Additionally, delimiter characteristics can be combined to better
distinguish delimiters from other document text. For example,
possible delimiter characteristics include font size, font type,
text strings, text position, and symbols For instance, chapter
headings may be larger than other document text, chapter headings
may be printed in a different font that other document text, or
with underlining or italics In some documents, chapter or
sub-section headings may be positioned in a consistent portion of a
document page. In other documents, sub-sections may be labeled with
a particular word, such as, for example,
--CHAPTER--or--Section--followed by a number. Any of these
characteristics may be entered as all or part of a delimiter
definition. A delimiter definition may include a combination of
characteristics, such as font size=22-point AND text location=10
centimeters from a top edge of a page. Where such a definition is
used, 22-point text that is at some other location on a document
page will not be recorded as defining a sub-section. Only text
meeting both the font size and location characteristics will be
recorded.
[0027] Optionally, complex delimiter definitions are predefined and
stored under individual names. For example, a delimiter definition
may be common to all or most documents from a particular source.

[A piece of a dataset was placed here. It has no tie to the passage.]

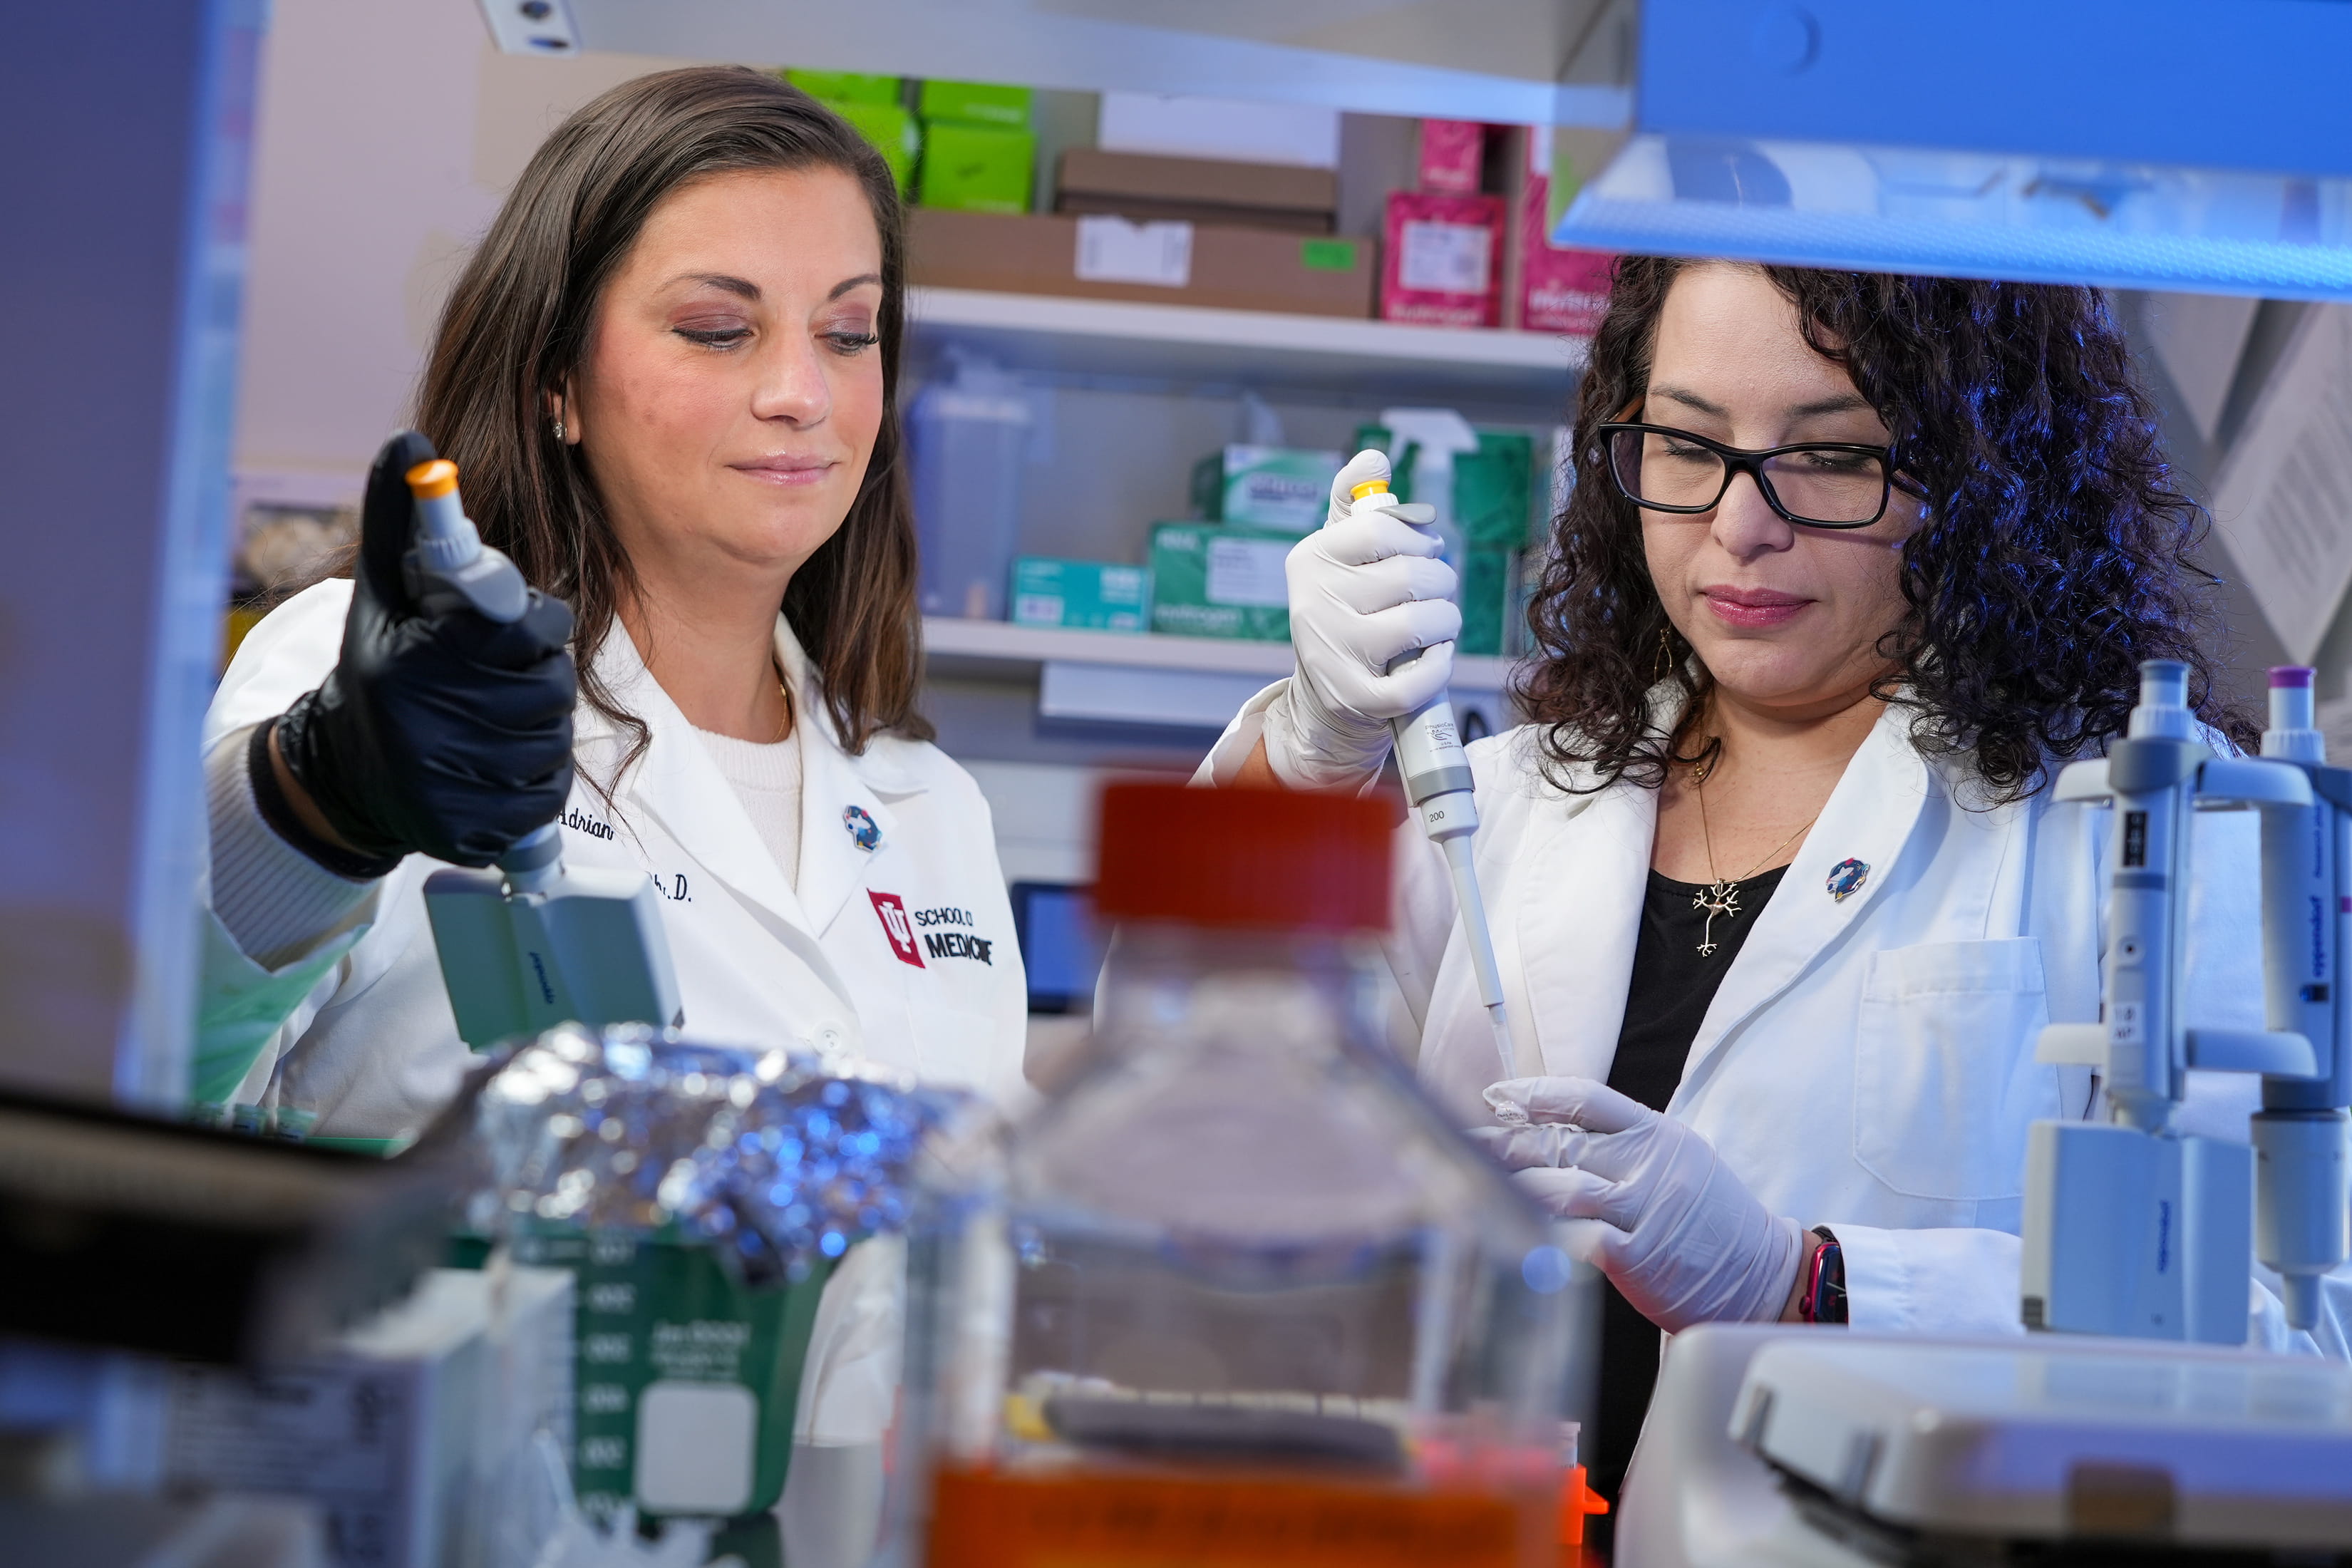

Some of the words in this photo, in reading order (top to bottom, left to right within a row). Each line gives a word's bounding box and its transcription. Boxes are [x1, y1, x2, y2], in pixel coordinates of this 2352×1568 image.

Therefore a sub-section delimiter definition is predefined and
stored, for example, under a name of the source.
[0028] In an OCR or DR procedure 318, document raster data is
processed through an optical character recognition or a document
recognition function to generate a text, text location, object, and
object location description of the document. Optionally, document
characteristics such as font, font size and other text and document
parameters are also recognized and included with the text and
object description of the document. With document text and
characteristics recognized, and with a delimiter definition
determined, the document is searched in a sub-section
delimiter-searching procedure 322. Information regarding each
portion of the document that meets the delimiter definition
criteria is recorded. For example, for each occurrence of 22-point
text in an underlined Times Roman font, text and location
information are recorded in, for example, a system memory.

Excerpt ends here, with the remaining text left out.